**To do:**
Word for word, repeat each entry that follows.

(Collected data)
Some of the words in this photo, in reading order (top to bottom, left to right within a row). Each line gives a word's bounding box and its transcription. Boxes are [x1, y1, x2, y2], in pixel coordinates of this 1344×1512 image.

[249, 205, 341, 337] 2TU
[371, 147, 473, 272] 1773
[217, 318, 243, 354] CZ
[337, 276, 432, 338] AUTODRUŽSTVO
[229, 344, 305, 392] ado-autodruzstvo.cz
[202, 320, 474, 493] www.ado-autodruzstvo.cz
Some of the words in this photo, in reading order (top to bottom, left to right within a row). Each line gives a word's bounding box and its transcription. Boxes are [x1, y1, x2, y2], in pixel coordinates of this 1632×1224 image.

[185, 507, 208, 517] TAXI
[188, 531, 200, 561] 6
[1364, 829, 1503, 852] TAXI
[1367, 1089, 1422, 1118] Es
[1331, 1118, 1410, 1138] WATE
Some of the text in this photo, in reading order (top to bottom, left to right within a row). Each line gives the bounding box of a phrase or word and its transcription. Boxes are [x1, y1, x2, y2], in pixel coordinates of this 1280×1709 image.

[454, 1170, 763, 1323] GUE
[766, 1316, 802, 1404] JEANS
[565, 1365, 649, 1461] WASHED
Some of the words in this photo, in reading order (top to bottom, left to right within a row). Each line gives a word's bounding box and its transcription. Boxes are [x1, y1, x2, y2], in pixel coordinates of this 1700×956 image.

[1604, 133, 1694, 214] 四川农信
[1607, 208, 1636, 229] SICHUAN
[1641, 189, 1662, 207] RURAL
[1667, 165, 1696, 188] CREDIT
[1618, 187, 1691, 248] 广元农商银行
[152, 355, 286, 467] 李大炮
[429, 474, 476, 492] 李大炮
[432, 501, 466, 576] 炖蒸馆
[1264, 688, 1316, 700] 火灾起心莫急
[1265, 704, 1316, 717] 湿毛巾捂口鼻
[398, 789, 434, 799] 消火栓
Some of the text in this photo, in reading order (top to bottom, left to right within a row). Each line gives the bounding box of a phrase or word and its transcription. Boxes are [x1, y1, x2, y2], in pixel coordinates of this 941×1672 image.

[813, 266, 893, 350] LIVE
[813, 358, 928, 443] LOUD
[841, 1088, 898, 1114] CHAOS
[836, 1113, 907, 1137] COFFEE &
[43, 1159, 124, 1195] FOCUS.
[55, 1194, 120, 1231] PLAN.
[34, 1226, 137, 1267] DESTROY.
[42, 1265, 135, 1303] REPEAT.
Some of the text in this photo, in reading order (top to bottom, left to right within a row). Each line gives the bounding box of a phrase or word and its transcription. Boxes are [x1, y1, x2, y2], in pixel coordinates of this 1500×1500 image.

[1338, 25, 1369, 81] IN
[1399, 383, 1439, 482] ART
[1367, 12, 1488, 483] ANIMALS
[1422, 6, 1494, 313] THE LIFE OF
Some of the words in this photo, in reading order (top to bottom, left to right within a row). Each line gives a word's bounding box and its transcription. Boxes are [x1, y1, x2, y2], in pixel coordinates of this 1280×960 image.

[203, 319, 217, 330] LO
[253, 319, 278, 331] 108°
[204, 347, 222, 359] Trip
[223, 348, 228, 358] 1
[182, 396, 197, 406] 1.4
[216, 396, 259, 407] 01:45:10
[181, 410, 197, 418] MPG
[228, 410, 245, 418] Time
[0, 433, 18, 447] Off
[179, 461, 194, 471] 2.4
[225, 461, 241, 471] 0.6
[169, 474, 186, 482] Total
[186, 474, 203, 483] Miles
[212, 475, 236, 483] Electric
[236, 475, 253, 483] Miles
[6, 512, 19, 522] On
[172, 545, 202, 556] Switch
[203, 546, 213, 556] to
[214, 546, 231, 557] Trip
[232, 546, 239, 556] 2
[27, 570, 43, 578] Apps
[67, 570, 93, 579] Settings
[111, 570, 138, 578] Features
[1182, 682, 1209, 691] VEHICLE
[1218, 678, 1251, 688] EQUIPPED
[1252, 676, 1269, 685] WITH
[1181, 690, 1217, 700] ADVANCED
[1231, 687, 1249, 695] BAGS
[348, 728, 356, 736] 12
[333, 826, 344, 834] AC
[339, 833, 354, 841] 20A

**Answer section:**
Some of the words in this photo, in reading order (top to bottom, left to right within a row). Each line gives a word's bounding box and its transcription. Boxes are [x1, y1, x2, y2], in pixel coordinates of this 1344×1512 image.

[249, 205, 341, 337] 2TU
[371, 147, 473, 272] 1773
[217, 318, 243, 354] CZ
[337, 276, 432, 338] AUTODRUŽSTVO
[229, 344, 305, 392] ado-autodruzstvo.cz
[202, 320, 474, 493] www.ado-autodruzstvo.cz
Some of the words in this photo, in reading order (top to bottom, left to right within a row). Each line gives a word's bounding box and its transcription. Boxes are [x1, y1, x2, y2], in pixel coordinates of this 1632×1224 image.

[185, 507, 208, 517] TAXI
[188, 531, 200, 561] 6
[1364, 829, 1503, 852] TAXI
[1367, 1089, 1422, 1118] Es
[1331, 1118, 1410, 1138] WATE
Some of the text in this photo, in reading order (top to bottom, left to right within a row). Each line gives the bounding box of a phrase or word and its transcription. Boxes are [x1, y1, x2, y2], in pixel coordinates of this 1280×1709 image.

[454, 1170, 763, 1323] GUE
[766, 1316, 802, 1404] JEANS
[565, 1365, 649, 1461] WASHED
Some of the words in this photo, in reading order (top to bottom, left to right within a row). Each line gives a word's bounding box and its transcription. Boxes are [x1, y1, x2, y2], in pixel coordinates of this 1700×956 image.

[1604, 133, 1694, 214] 四川农信
[1607, 208, 1636, 229] SICHUAN
[1641, 189, 1662, 207] RURAL
[1667, 165, 1696, 188] CREDIT
[1618, 187, 1691, 248] 广元农商银行
[152, 355, 286, 467] 李大炮
[429, 474, 476, 492] 李大炮
[432, 501, 466, 576] 炖蒸馆
[1264, 688, 1316, 700] 火灾起心莫急
[1265, 704, 1316, 717] 湿毛巾捂口鼻
[398, 789, 434, 799] 消火栓
Some of the text in this photo, in reading order (top to bottom, left to right within a row). Each line gives the bounding box of a phrase or word and its transcription. Boxes are [x1, y1, x2, y2], in pixel coordinates of this 941×1672 image.

[813, 266, 893, 350] LIVE
[813, 358, 928, 443] LOUD
[841, 1088, 898, 1114] CHAOS
[836, 1113, 907, 1137] COFFEE &
[43, 1159, 124, 1195] FOCUS.
[55, 1194, 120, 1231] PLAN.
[34, 1226, 137, 1267] DESTROY.
[42, 1265, 135, 1303] REPEAT.
Some of the text in this photo, in reading order (top to bottom, left to right within a row). Each line gives the bounding box of a phrase or word and its transcription. Boxes are [x1, y1, x2, y2], in pixel coordinates of this 1500×1500 image.

[1338, 25, 1369, 81] IN
[1399, 383, 1439, 482] ART
[1367, 12, 1488, 483] ANIMALS
[1422, 6, 1494, 313] THE LIFE OF
Some of the words in this photo, in reading order (top to bottom, left to right within a row). Each line gives a word's bounding box and its transcription. Boxes are [x1, y1, x2, y2], in pixel coordinates of this 1280×960 image.

[203, 319, 217, 330] LO
[253, 319, 278, 331] 108°
[204, 347, 222, 359] Trip
[223, 348, 228, 358] 1
[182, 396, 197, 406] 1.4
[216, 396, 259, 407] 01:45:10
[181, 410, 197, 418] MPG
[228, 410, 245, 418] Time
[0, 433, 18, 447] Off
[179, 461, 194, 471] 2.4
[225, 461, 241, 471] 0.6
[169, 474, 186, 482] Total
[186, 474, 203, 483] Miles
[212, 475, 236, 483] Electric
[236, 475, 253, 483] Miles
[6, 512, 19, 522] On
[172, 545, 202, 556] Switch
[203, 546, 213, 556] to
[214, 546, 231, 557] Trip
[232, 546, 239, 556] 2
[27, 570, 43, 578] Apps
[67, 570, 93, 579] Settings
[111, 570, 138, 578] Features
[1182, 682, 1209, 691] VEHICLE
[1218, 678, 1251, 688] EQUIPPED
[1252, 676, 1269, 685] WITH
[1181, 690, 1217, 700] ADVANCED
[1231, 687, 1249, 695] BAGS
[348, 728, 356, 736] 12
[333, 826, 344, 834] AC
[339, 833, 354, 841] 20A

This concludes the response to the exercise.